Many industries with a stake in the regulation of coal ash disposal got in on the action. The power plant industry and its affiliates met with OIRA on four occasions (see here, here, here, and here) to discuss everything from the “beneficial uses” of coal ash to the “high costs” of regulating coal ash as a hazardous waste to why states should be given primary responsibility for regulating coal ash disposal. The coal mining industry met with OIRA once to attempt to make the case that no regulation is necessary, since voluntary efforts to dispose of coal ash were working just fine. Finally, representatives of industries that “reuse” coal ash—such as to manufacture gypsum (e.g., for use in drywall), Portland cement, and sandblasting abrasive—met with OIRA on five separate occasions (see here, here, here, here, and here) to discuss why regulation of coal ash as a hazardous waste would harm their businesses.
Troubling. Documents presented by the meeting participants show that issues to be discussed at the meetings included the different negative economic consequences of regulating coal ash as a hazardous waste. But the most important issue wasn't even mentioned in those documents: What do the provisions of RCRA say about regulating hazardous wastes? In other words, what did Congress specify when it made the relevant law? For me, this should be the only issue under consideration.
That is one of the real problems with these OIRA meetings regarding regulations. They distract agencies from fulfilling the statutory obligations under which they operate. Instead of focusing on whether or not coal ash constitutes a hazardous waste for the purposes of RCRA, EPA must instead deflect attacks on the potential costs of doing what the law tells them to.
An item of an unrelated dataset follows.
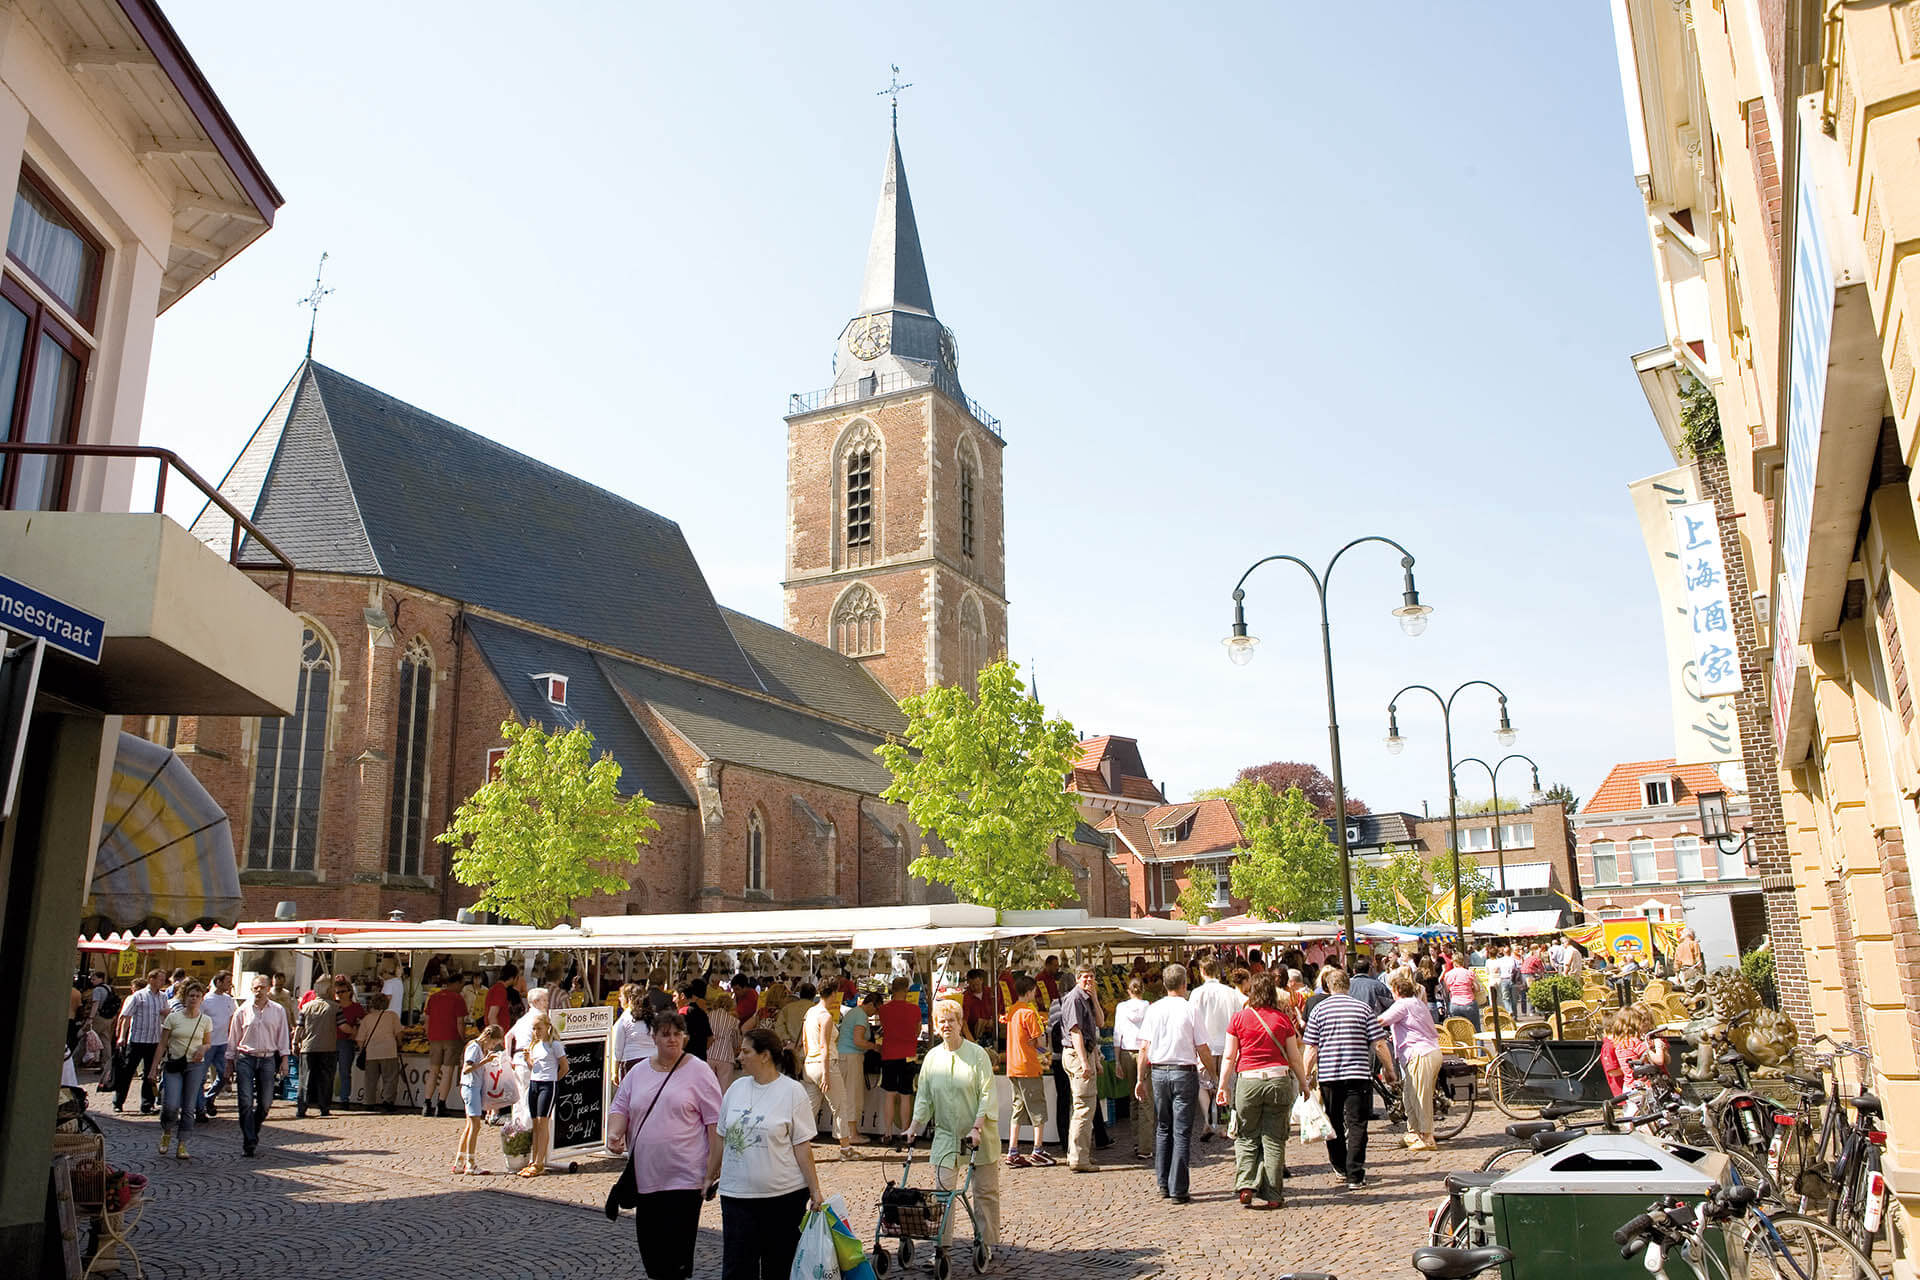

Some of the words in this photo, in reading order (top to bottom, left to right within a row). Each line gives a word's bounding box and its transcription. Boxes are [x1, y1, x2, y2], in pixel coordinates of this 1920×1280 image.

For the record, it seems pretty clear that coal ash constitutes a hazardous waste under RCRA. Specifically, RCRA directs EPA to regulate wastes if they exhibit certain hazardous “characteristics.” One of these characteristics is “toxicity.” Given all of the toxic substances that coal ash contains (e.g., arsenic, mercury, radioactive materials, and lead), there seems to be little question that coal ash constitutes a hazardous waste.
Under the terms of RCRA, however, consideration of the potential costs of regulating a particular type of waste has no relevance to the determination of whether or not that waste is hazardous. If the power plant, coal mining, and coal ash reuse industries don’t like it, they need to take their case to Congress to try to have RCRA amended. In the meantime, President Obama should tell OIRA to stop providing these industries with a forum in which they can excoriate EPA for the costs of a rule that has not even been proposed yet. Instead, OIRA should allow EPA to get back to the important work of actually producing a proposed rule, at which time industry can participate in the standard notice-and-comment process like everyone else.